Решив поддразнить ее, я заметил, что не понимаю, как она может мириться с беспорядком у меня в комнате:

— Так ведь то у тебя, — возразила она. — Мы с тобой очень разные люди.

Она, видимо, была довольна и даже втайне торжествовала, что принимает меня в своей комнате. Присев подле низенького столика, на который она поставила стаканы, Шейла без своей обычной манерности налила виски. Держалась она свободно, просто и деловито, с дружеской теплотой. Возможно, я видел лишь то, что мне хотелось видеть. Но я слишком устал, и мне было безразлично, так это или не так; а кроме того, мне было приятно сидеть у нее в гостях и наблюдать, как она ухаживает за мной.

— Пора бы тебе и поправиться, — промолвила Шейла, глядя, как я потягиваю виски. — Я жду не дождусь этого момента!

Я взял ее руку. Она не отняла руки, но глаза ее затуманились.

— Стоит ли из-за этого волноваться, — заметил я.

— Стоит, — отрезала она.

— Возможно, я обманываю себя, — сказал я, — но иногда мне кажется, что у меня прибавляется сил.

— Дай мне знать, когда будешь уверен в этом!

В ее голосе прозвучали нетерпеливые нотки, но мне было так покойно и хорошо, что я обещал выполнить ее просьбу и, во избежание размолвки, переменил тему разговора.
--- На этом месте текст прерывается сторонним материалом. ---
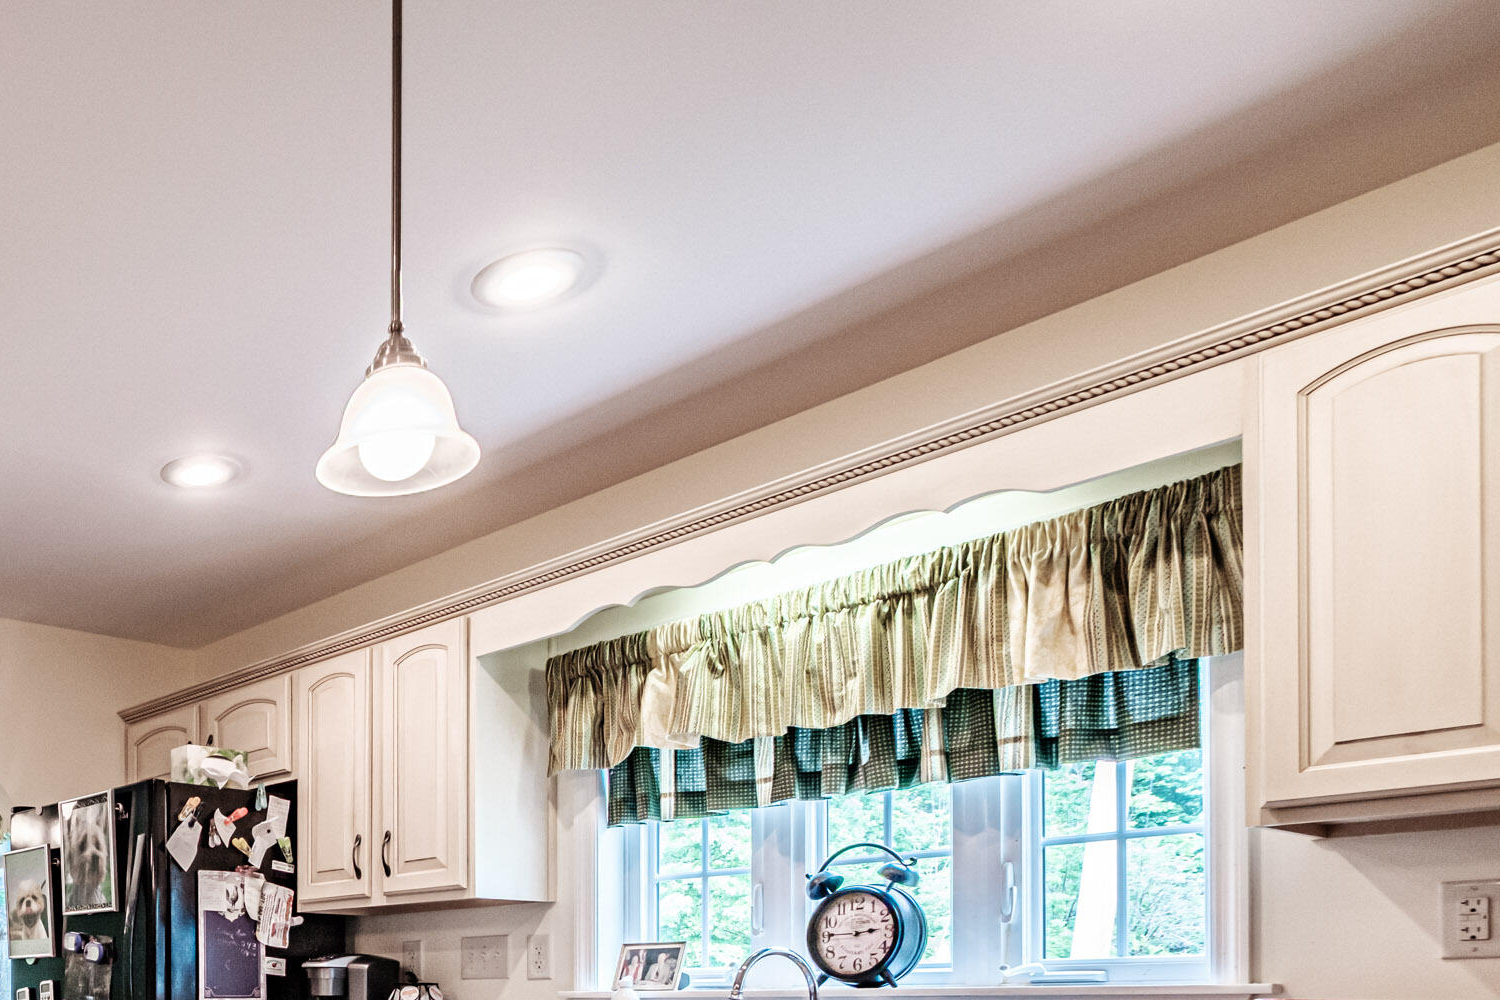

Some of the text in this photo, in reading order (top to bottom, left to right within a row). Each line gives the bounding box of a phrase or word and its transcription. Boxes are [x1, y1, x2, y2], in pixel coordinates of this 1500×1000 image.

[837, 902, 846, 916] 11
[850, 896, 866, 911] 12
[871, 899, 876, 913] 1
[825, 915, 838, 929] 10
[880, 909, 890, 923] 2
[822, 931, 831, 944] 9
[884, 924, 894, 939] 3
[825, 946, 836, 959] 8
[878, 940, 890, 954] 4
[838, 955, 847, 969] 7
[853, 957, 863, 972] 6
[869, 952, 879, 966] 5
Я напомнил Шейле, сколько раз она говорила мне, что хочет уйти из дому и «чем-нибудь заняться»; как мы обсуждали это; как я шутил насчет «неспокойной совести богачей» и как сердито она возражала мне. Тогда она обвиняла меня в том, что, подобно ее отцу, я вижу в ней лишь игрушку, что я отношусь к ней, как мусульманин, что не желаю вникнуть в ее жизнь. И вот она ушла из дому, но что-то незаметно, чтобы она прислушалась к голосу своей «неспокойной совести». Живет словно какая-нибудь девка из Пимлико.

Шейла широко улыбнулась. Она редко обижалась на меня, когда я пытался ее поддеть.
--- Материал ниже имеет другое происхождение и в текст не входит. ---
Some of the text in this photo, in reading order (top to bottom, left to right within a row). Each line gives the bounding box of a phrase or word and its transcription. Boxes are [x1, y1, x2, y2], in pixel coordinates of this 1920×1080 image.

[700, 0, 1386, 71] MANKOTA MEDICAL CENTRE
— Жаль, что меня не выгнали на улицу в шестнадцать лет, — добродушно ответила она. — Мне бы пришлось тогда самой зарабатывать себе на жизнь. И это только пошло бы мне на пользу.
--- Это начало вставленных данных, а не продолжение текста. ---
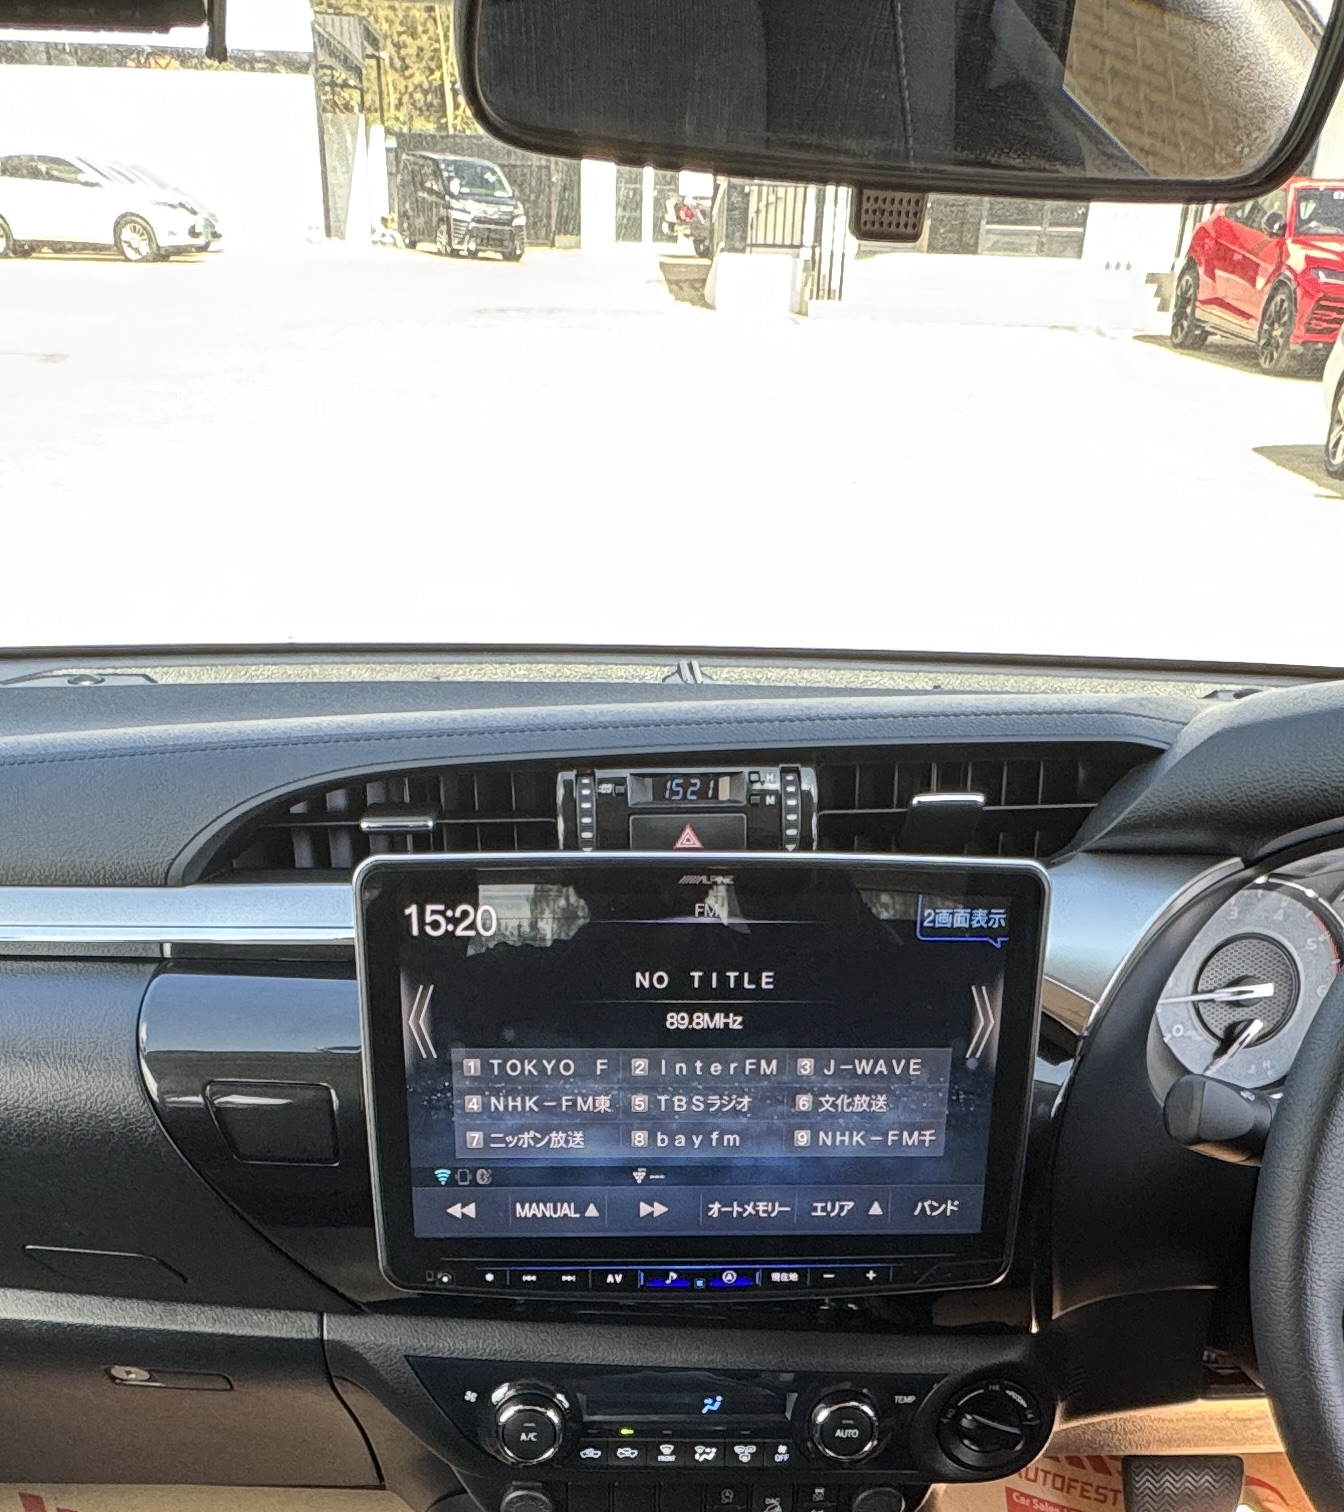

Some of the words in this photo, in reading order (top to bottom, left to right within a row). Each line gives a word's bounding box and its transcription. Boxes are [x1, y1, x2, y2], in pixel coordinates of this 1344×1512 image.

[694, 903, 720, 918] FM
[923, 908, 1007, 930] 2画面表示
[404, 903, 498, 938] 15:20
[634, 971, 669, 990] NO
[690, 971, 775, 990] TITLE
[666, 1012, 744, 1031] 89.8MHz
[489, 1058, 575, 1076] TOKYO
[596, 1058, 609, 1076] F
[661, 1058, 778, 1076] InterFM
[656, 1094, 753, 1113] TBSラジオ
[818, 1094, 888, 1112] 文化放送
[489, 1130, 586, 1149] ニッポン放送
[657, 1130, 740, 1149] bayfm
[516, 1202, 581, 1218] MANUAL
[707, 1200, 791, 1218] オートメモリー
[811, 1200, 855, 1217] エリア
[914, 1199, 959, 1217] バンド
[606, 1274, 623, 1284] AV
[894, 1394, 916, 1404] TEMP
[520, 1432, 538, 1443] A/C
[834, 1428, 859, 1439] AUTO
[774, 1453, 790, 1463] OFF
[1012, 1491, 1030, 1507] Car
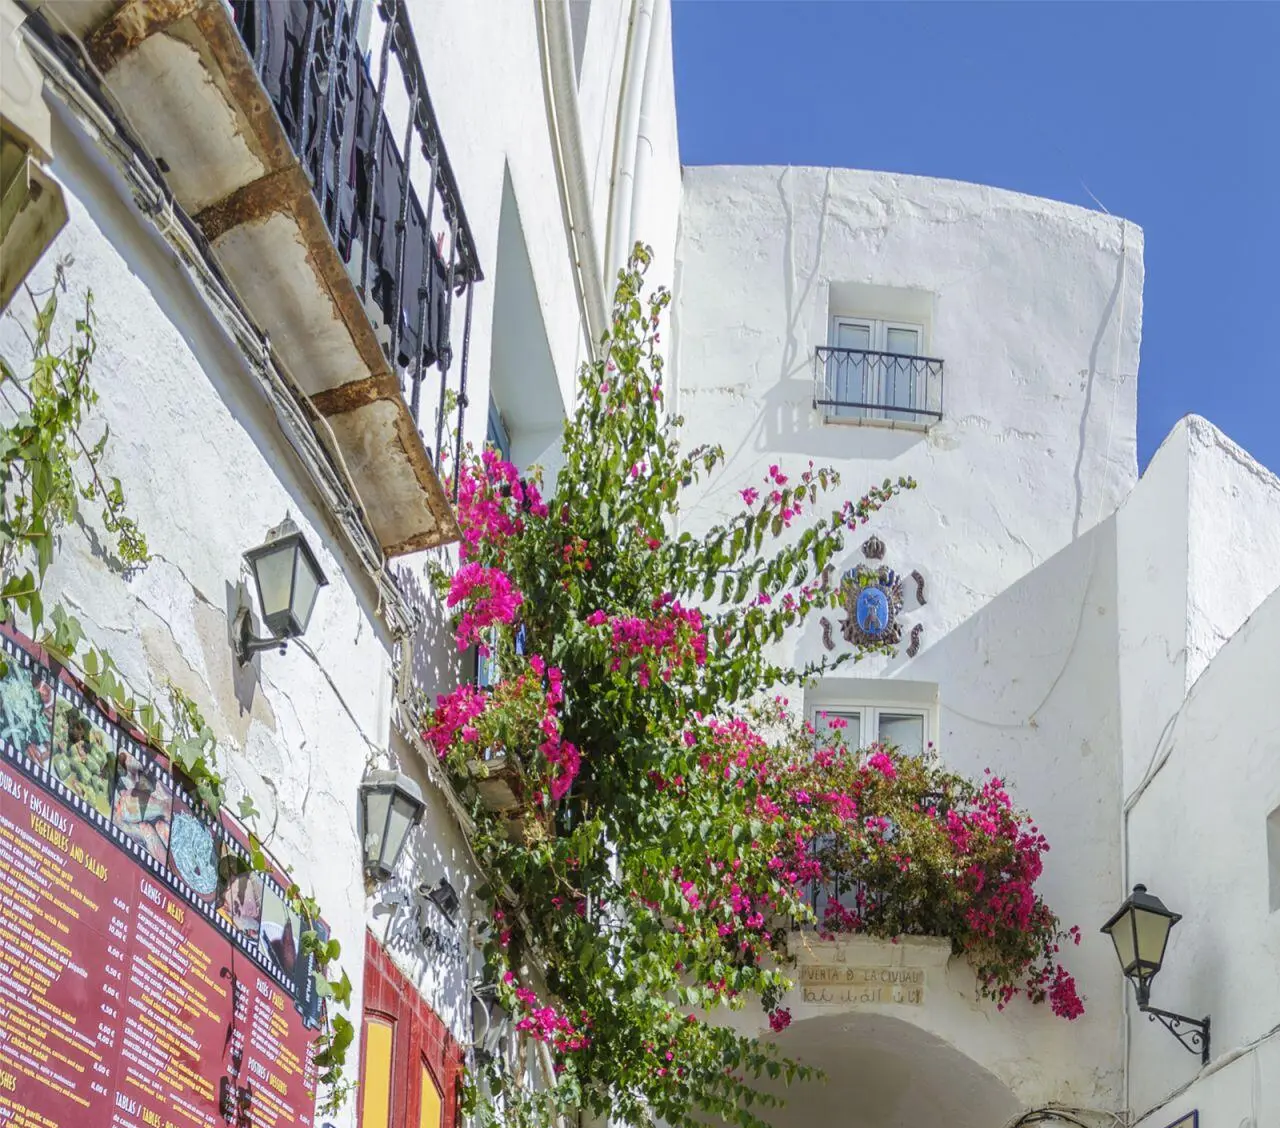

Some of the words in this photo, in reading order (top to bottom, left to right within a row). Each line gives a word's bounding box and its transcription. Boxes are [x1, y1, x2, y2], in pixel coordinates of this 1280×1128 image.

[30, 792, 67, 835] ENSALADAS
[29, 810, 69, 855] VEGETABLES
[69, 841, 84, 866] AND
[84, 852, 109, 884] SALADS
[166, 898, 184, 925] MEATS
[115, 1090, 136, 1115] TABLAS
Я сказал ей то, что нередко говорил и раньше: что представление о жизни как о школе морального перевоспитания сильно преувеличено.

— Нет, это, несомненно, пошло бы мне на пользу! — упорствовала Шейла. — И из меня получилась бы, наверно, очень дельная женщина! Кто знает, может быть, тогда у меня не оставалось бы времени на… — Она оборвала себя на полуслове.

В тот вечер я так устал, что мне хотелось только одного: лежать, вытянувшись в кресле. (Не оттого ли Шейла и держалась так свободно, что я слишком устал и мне было не до нежностей?) Она не боялась показаться смешной и даже дала мне взглянуть на свою коллекцию монет. Я давно уже слышал об этой коллекции, но Шейла ни за что не хотела мне ее показывать. Теперь, лишь слегка покраснев, она спокойно продемонстрировала ее. Коллекция помещалась в большом стеклянном ящике, стоявшем возле окна; монеты были красиво размещены, снабжены пояснительными надписями и пронумерованы. Показала мне Шейла также свои весы с гирьками, кронциркуль, микроскоп. Коллекция состояла из одних лишь венецианских монет, золотых и серебряных, начиная с пятнадцатого века и кончая годом вступления в Венецию наполеоновских войск. Мистер Найт, ограничивавший ее траты на многие другие цели, здесь проявлял исключительную щедрость, и Шейла могла приобрести любую монету, едва только та появлялась в продаже. Коллекция, по словам Шейлы, была почти полная.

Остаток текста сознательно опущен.